(Records from a data source)
= Beginning of Section =
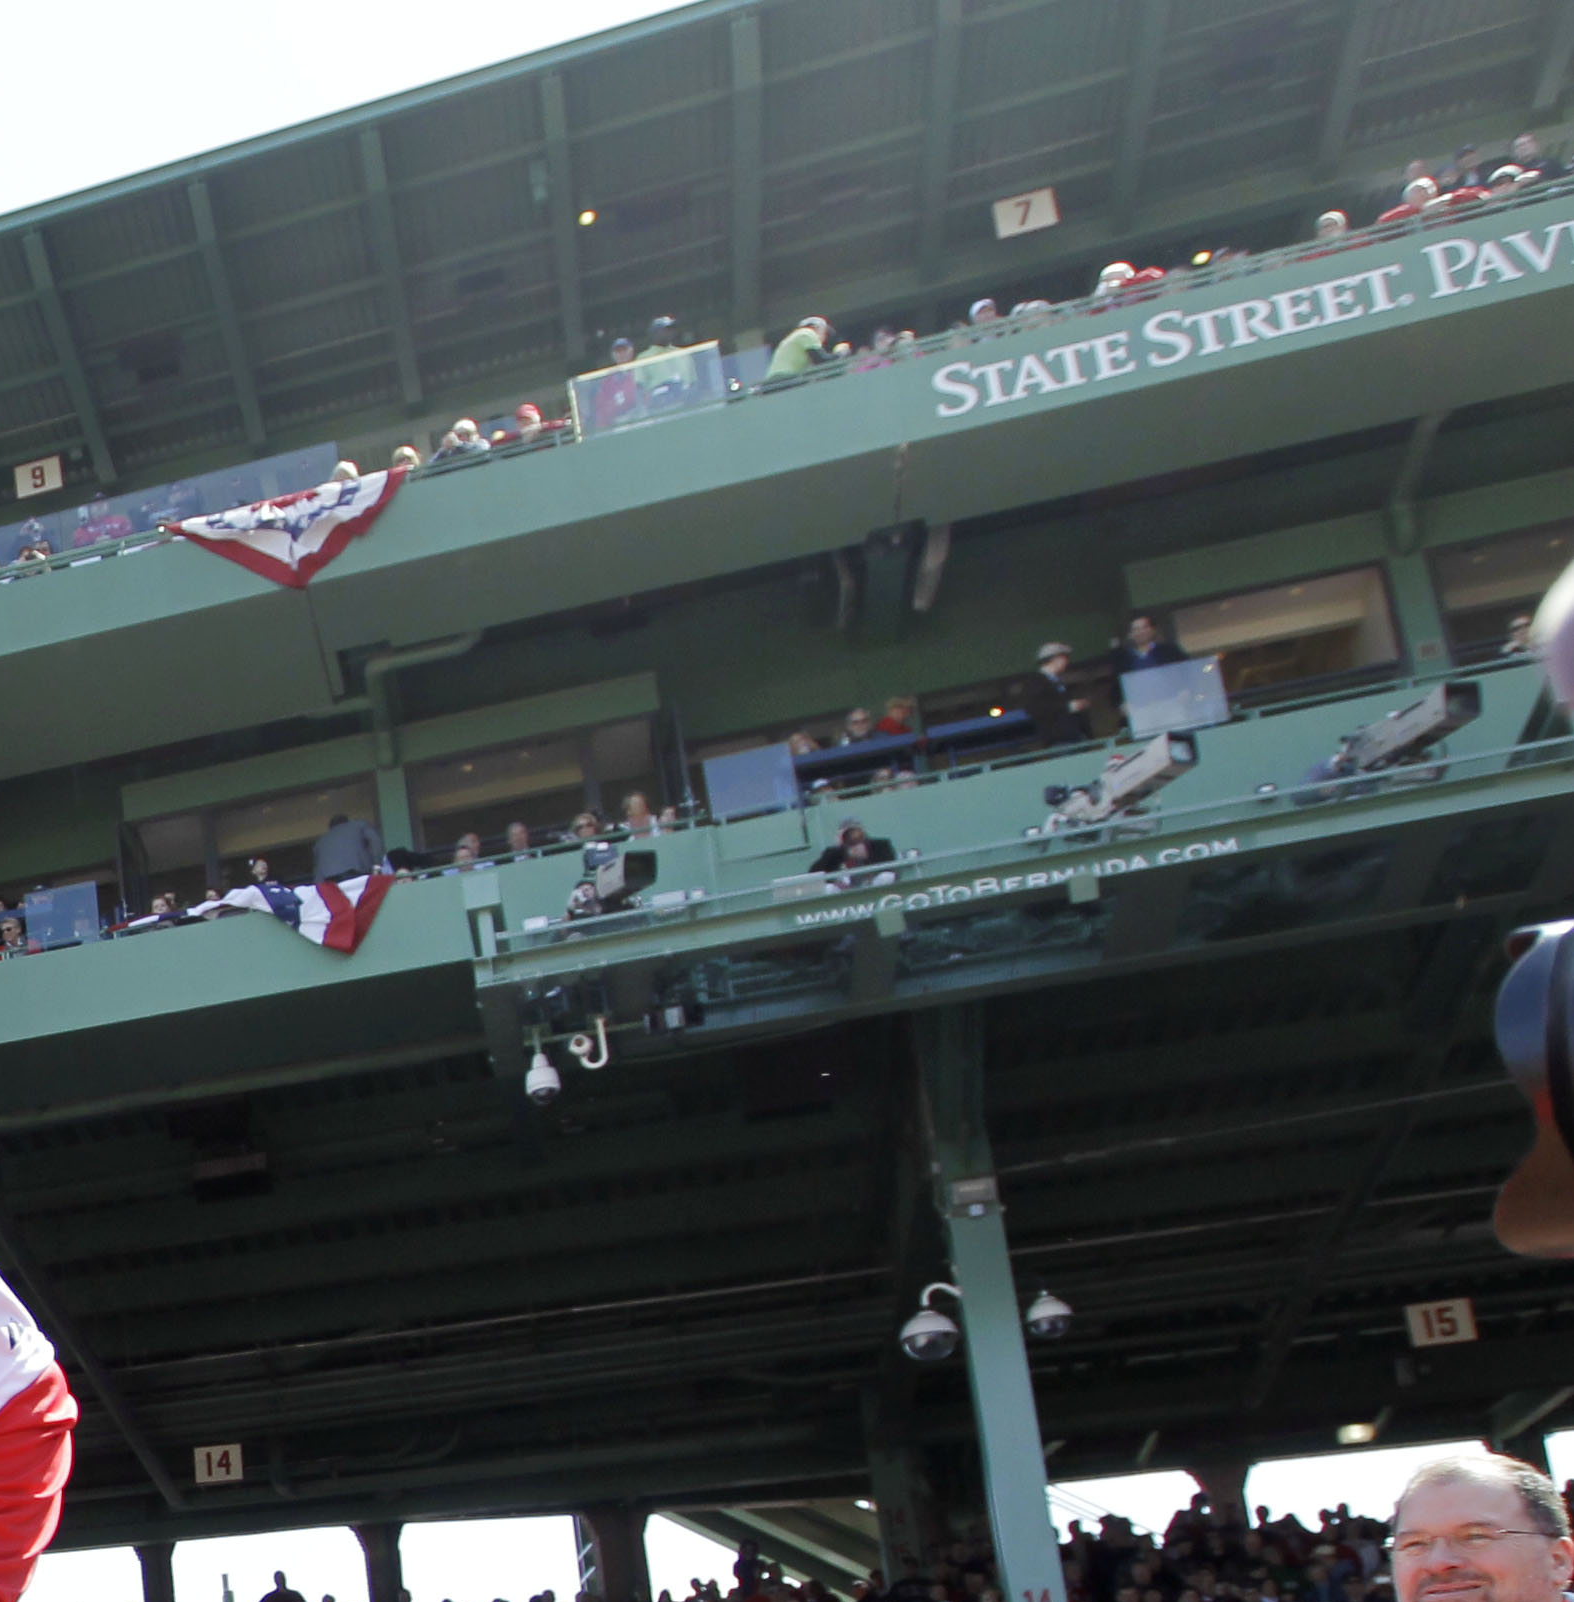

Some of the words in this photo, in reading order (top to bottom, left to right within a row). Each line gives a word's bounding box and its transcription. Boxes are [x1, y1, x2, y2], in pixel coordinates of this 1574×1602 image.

[1014, 199, 1032, 227] 7
[932, 330, 1136, 416] STATE
[31, 465, 46, 488] 9
[1419, 1305, 1458, 1340] 15
[206, 1450, 233, 1477] 14
= End of Section =
## DIRECTIONS FOR THIS TASK
Reproduce the data in full. Do not carry over any picture.

## WRITTEN ANSWER
Some of the words in this photo, in reading order (top to bottom, left to right within a row). Each line gives a word's bounding box and its transcription. Boxes are [x1, y1, x2, y2], in pixel coordinates of this 1574×1602 image.

[1014, 199, 1032, 227] 7
[932, 330, 1136, 416] STATE
[31, 465, 46, 488] 9
[1419, 1305, 1458, 1340] 15
[206, 1450, 233, 1477] 14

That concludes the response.